**PROBLEM TO WORK ON**
Your copy should match the records below exactly, except for the pictures.

**SOURCE MATERIAL**
= Beginning of Section =

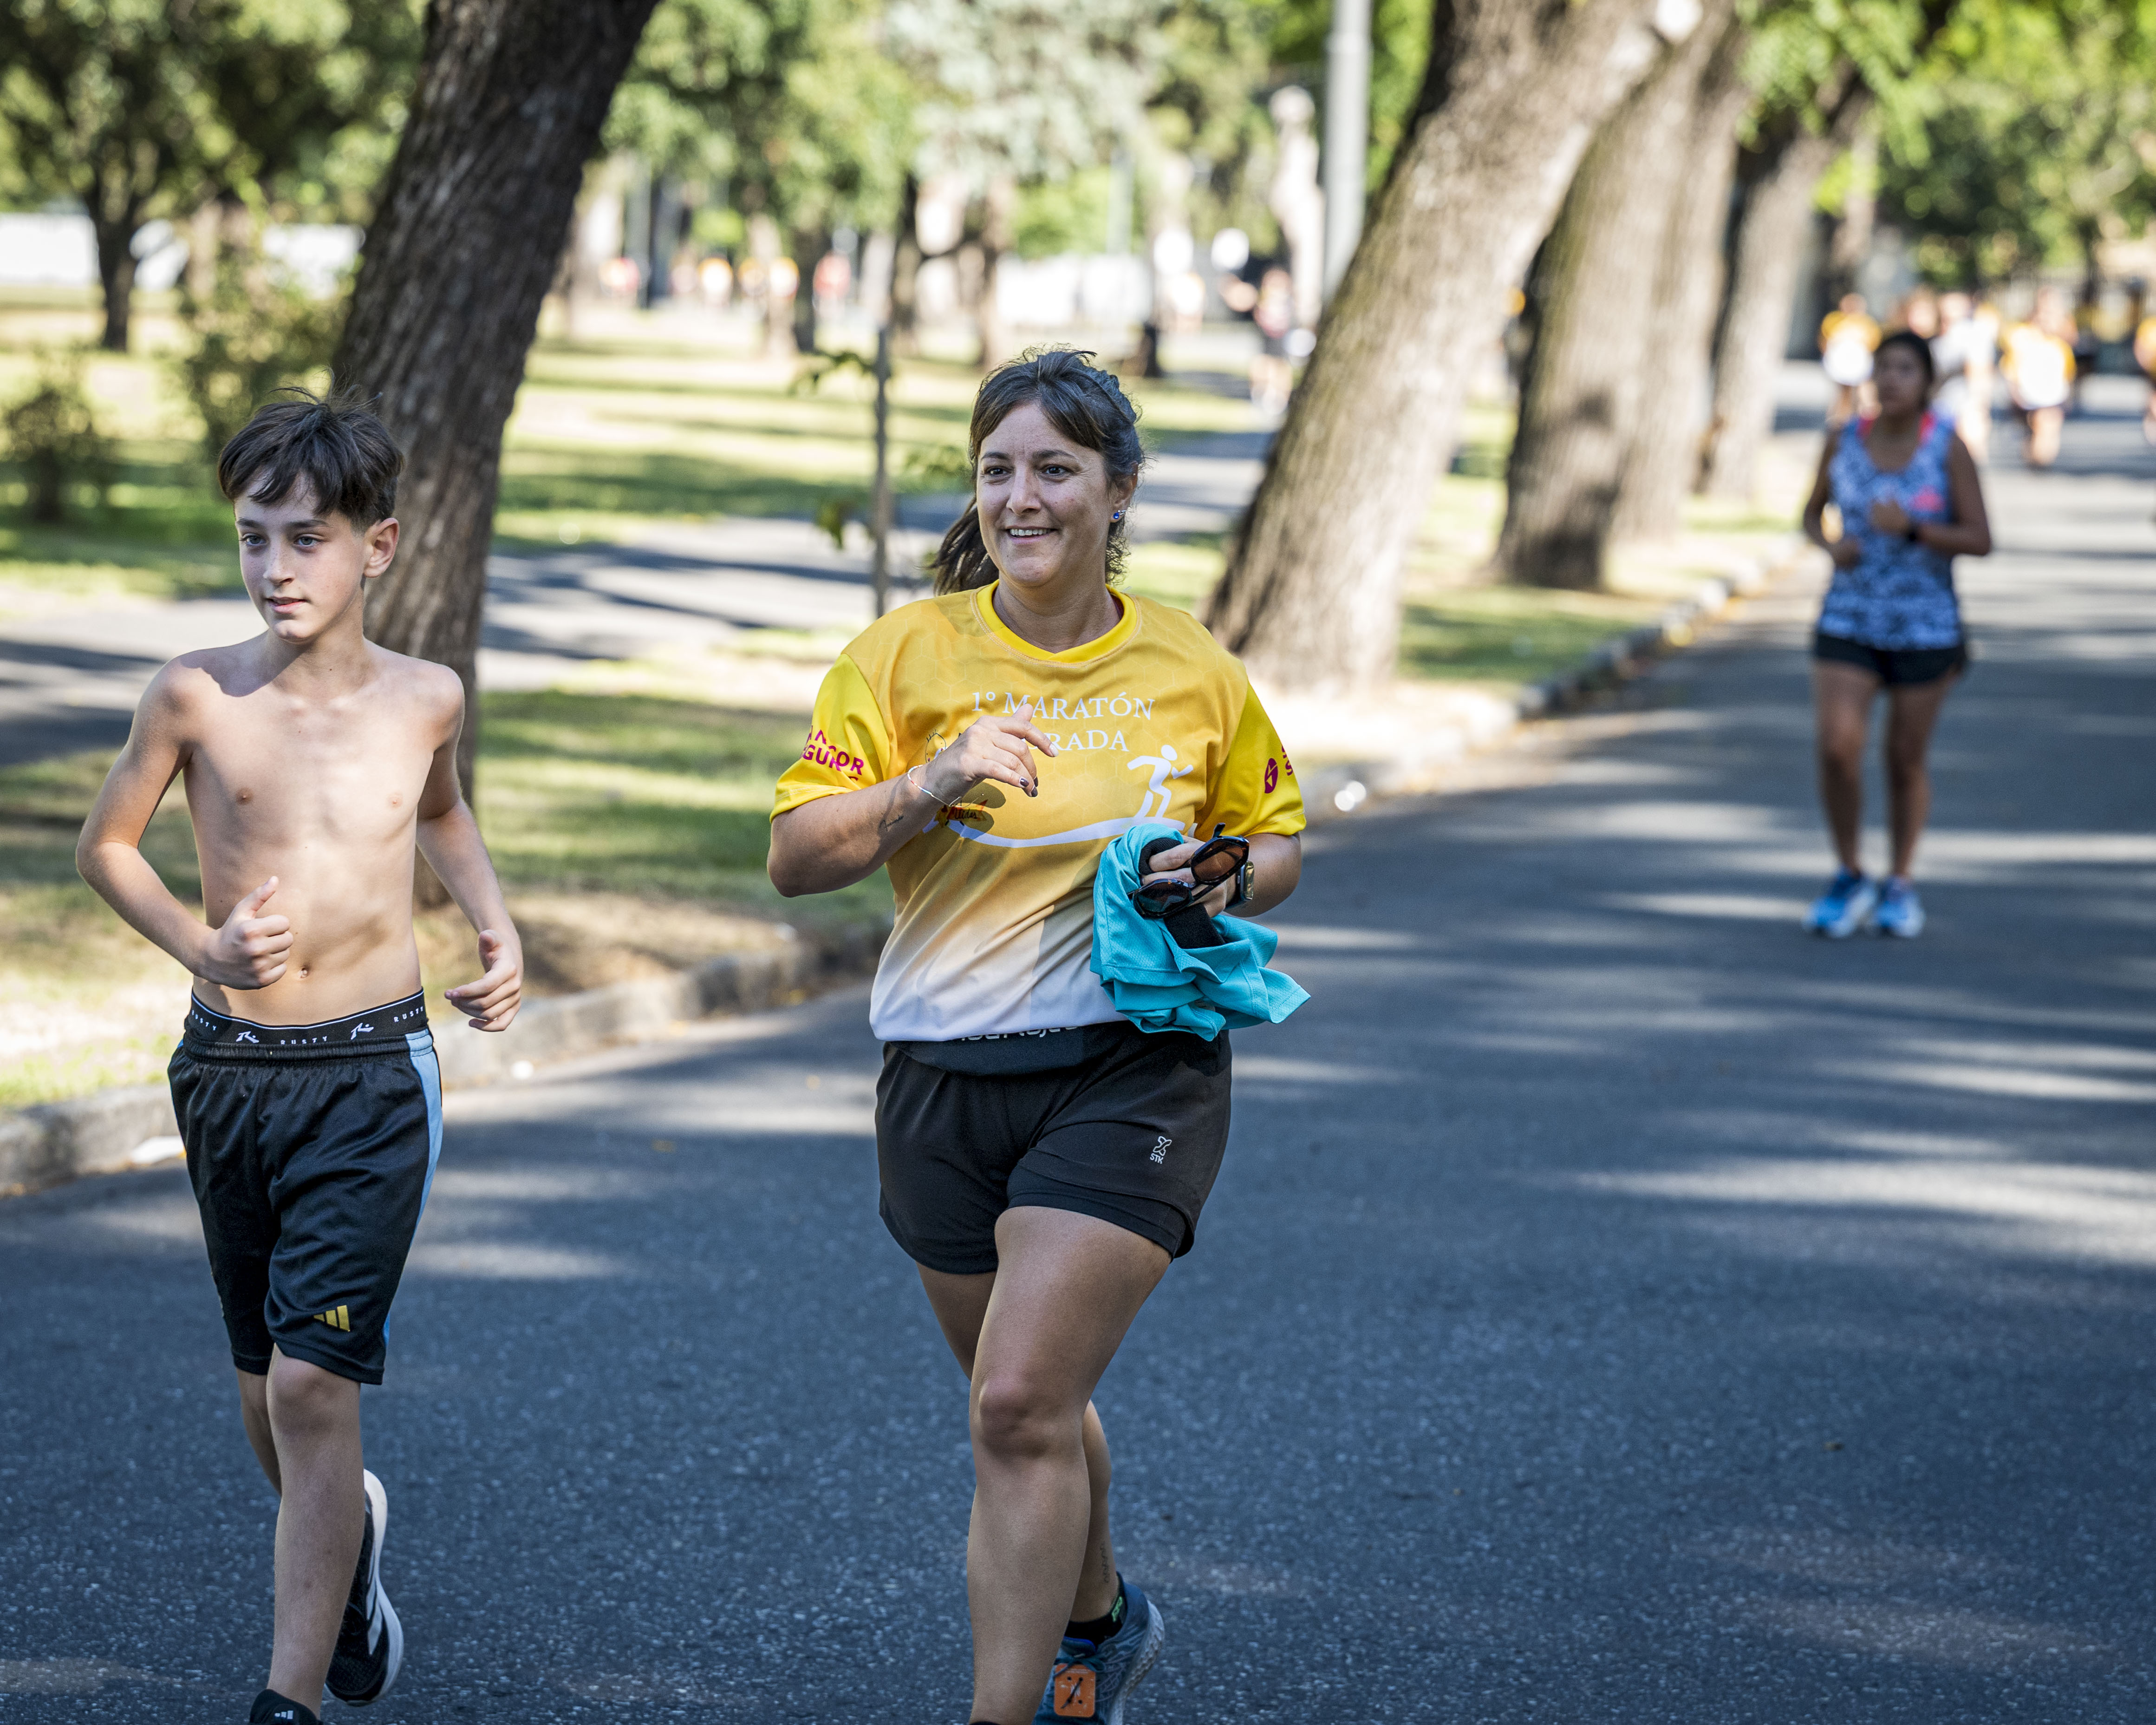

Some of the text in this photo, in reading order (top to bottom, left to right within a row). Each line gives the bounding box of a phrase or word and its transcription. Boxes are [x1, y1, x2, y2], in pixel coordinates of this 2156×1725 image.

[1002, 692, 1155, 720] MARATÓN
[1022, 730, 1129, 752] RADA
[393, 1006, 423, 1023] RUSTY
[280, 1035, 327, 1045] RUSTY
[1150, 1153, 1164, 1164] STK
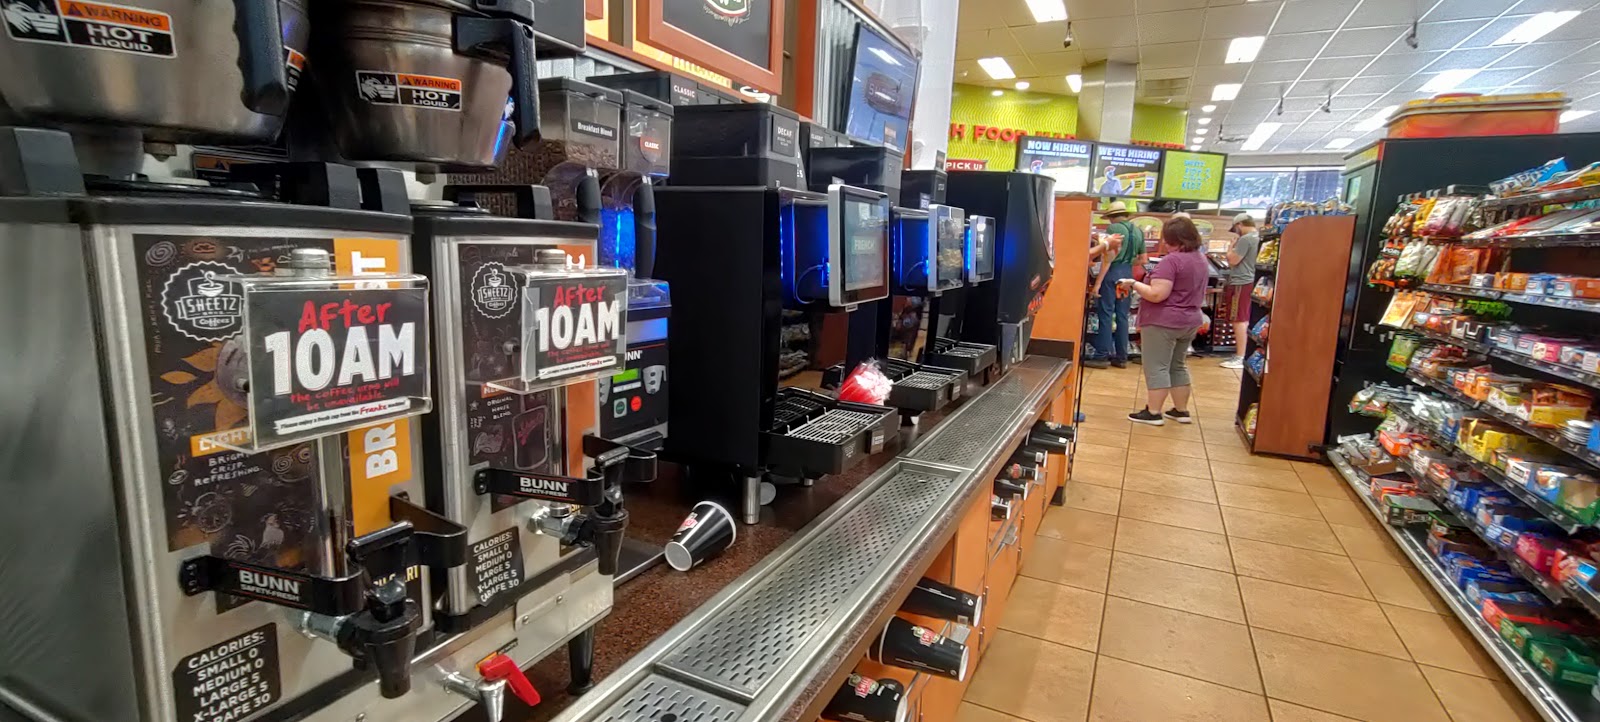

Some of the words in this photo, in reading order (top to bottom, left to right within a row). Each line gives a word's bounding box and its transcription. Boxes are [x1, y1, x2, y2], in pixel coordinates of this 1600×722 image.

[84, 4, 162, 27] WARNING
[86, 23, 153, 44] HOT
[90, 36, 153, 52] LIQUID
[413, 77, 457, 91] WARNING
[673, 85, 695, 98] CLASSIC
[411, 90, 449, 102] HOT
[413, 98, 449, 108] LIQUID
[577, 121, 600, 134] Breakfast
[600, 127, 613, 137] Blend
[777, 126, 792, 137] DECAF
[644, 141, 659, 150] CLASSIC
[1027, 140, 1052, 151] NOW
[1052, 142, 1087, 154] HIRING
[1098, 146, 1128, 157] WE'RE
[1128, 149, 1160, 160] HIRING
[946, 161, 971, 170] PICK
[482, 287, 508, 299] SHEETZ
[187, 297, 237, 313] SHEETZ
[534, 300, 620, 352] 10AM
[264, 322, 415, 397] 10AM
[357, 383, 381, 394] urns
[306, 402, 320, 411] be
[360, 403, 388, 416] Franke
[519, 476, 568, 492] BUNN
[520, 486, 568, 498] SAFETY-FRESH
[473, 531, 513, 553] CALORIES:
[477, 546, 503, 563] SMALL
[503, 543, 509, 551] 0
[475, 553, 505, 574] MEDIUM
[506, 551, 513, 559] 0
[478, 564, 504, 582] LARGE
[504, 561, 511, 569] 5
[238, 569, 299, 595] BUNN
[477, 571, 510, 594] X-LARGE
[510, 569, 517, 578] 5
[240, 583, 300, 601] SAFETY-FRESH
[480, 582, 507, 603] CARAFE
[508, 578, 520, 589] 30
[188, 631, 264, 669] CALORIES:
[197, 654, 246, 681] SMALL
[248, 647, 258, 659] 0
[193, 663, 252, 697] MEDIUM
[254, 658, 264, 669] 0
[200, 677, 249, 707] LARGE
[251, 671, 260, 684] 5
[193, 686, 257, 722] X-LARGE
[259, 681, 269, 692] 5
[253, 692, 271, 708] 30
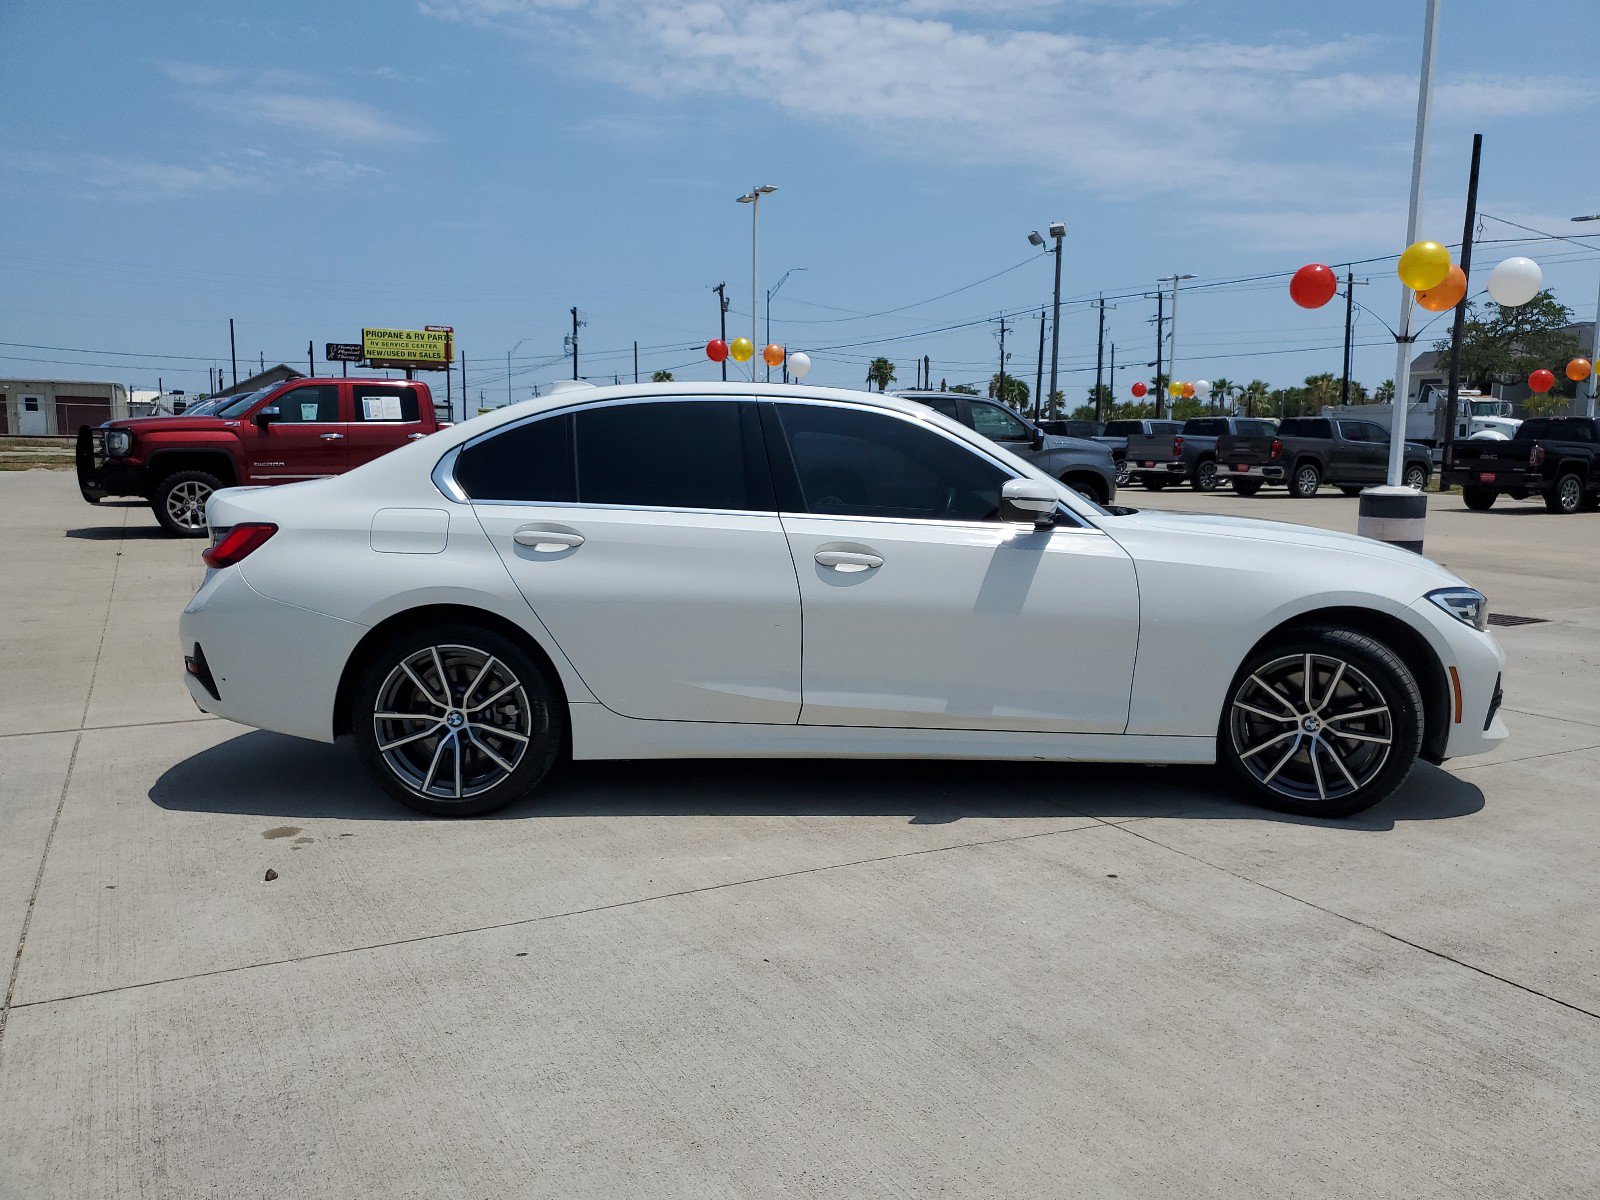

= End of Section =

**EXERCISE RESULT**
Some of the text in this photo, in reading order (top to bottom, left to right within a row). Each line gives the bounding box of a phrase or word and its transcription. Boxes are [x1, y1, x2, y2], in pixel coordinates of this 2156×1725 image.

[1002, 692, 1155, 720] MARATÓN
[1022, 730, 1129, 752] RADA
[393, 1006, 423, 1023] RUSTY
[280, 1035, 327, 1045] RUSTY
[1150, 1153, 1164, 1164] STK

Some of the words in this photo, in reading order (top to bottom, left to right within a row). Each line gives a word's bounding box and its transcription. Boxes are [x1, y1, x2, y2], in pixel coordinates of this 1600×722 image.

[84, 4, 162, 27] WARNING
[86, 23, 153, 44] HOT
[90, 36, 153, 52] LIQUID
[413, 77, 457, 91] WARNING
[673, 85, 695, 98] CLASSIC
[411, 90, 449, 102] HOT
[413, 98, 449, 108] LIQUID
[577, 121, 600, 134] Breakfast
[600, 127, 613, 137] Blend
[777, 126, 792, 137] DECAF
[644, 141, 659, 150] CLASSIC
[1027, 140, 1052, 151] NOW
[1052, 142, 1087, 154] HIRING
[1098, 146, 1128, 157] WE'RE
[1128, 149, 1160, 160] HIRING
[946, 161, 971, 170] PICK
[482, 287, 508, 299] SHEETZ
[187, 297, 237, 313] SHEETZ
[534, 300, 620, 352] 10AM
[264, 322, 415, 397] 10AM
[357, 383, 381, 394] urns
[306, 402, 320, 411] be
[360, 403, 388, 416] Franke
[519, 476, 568, 492] BUNN
[520, 486, 568, 498] SAFETY-FRESH
[473, 531, 513, 553] CALORIES:
[477, 546, 503, 563] SMALL
[503, 543, 509, 551] 0
[475, 553, 505, 574] MEDIUM
[506, 551, 513, 559] 0
[478, 564, 504, 582] LARGE
[504, 561, 511, 569] 5
[238, 569, 299, 595] BUNN
[477, 571, 510, 594] X-LARGE
[510, 569, 517, 578] 5
[240, 583, 300, 601] SAFETY-FRESH
[480, 582, 507, 603] CARAFE
[508, 578, 520, 589] 30
[188, 631, 264, 669] CALORIES:
[197, 654, 246, 681] SMALL
[248, 647, 258, 659] 0
[193, 663, 252, 697] MEDIUM
[254, 658, 264, 669] 0
[200, 677, 249, 707] LARGE
[251, 671, 260, 684] 5
[193, 686, 257, 722] X-LARGE
[259, 681, 269, 692] 5
[253, 692, 271, 708] 30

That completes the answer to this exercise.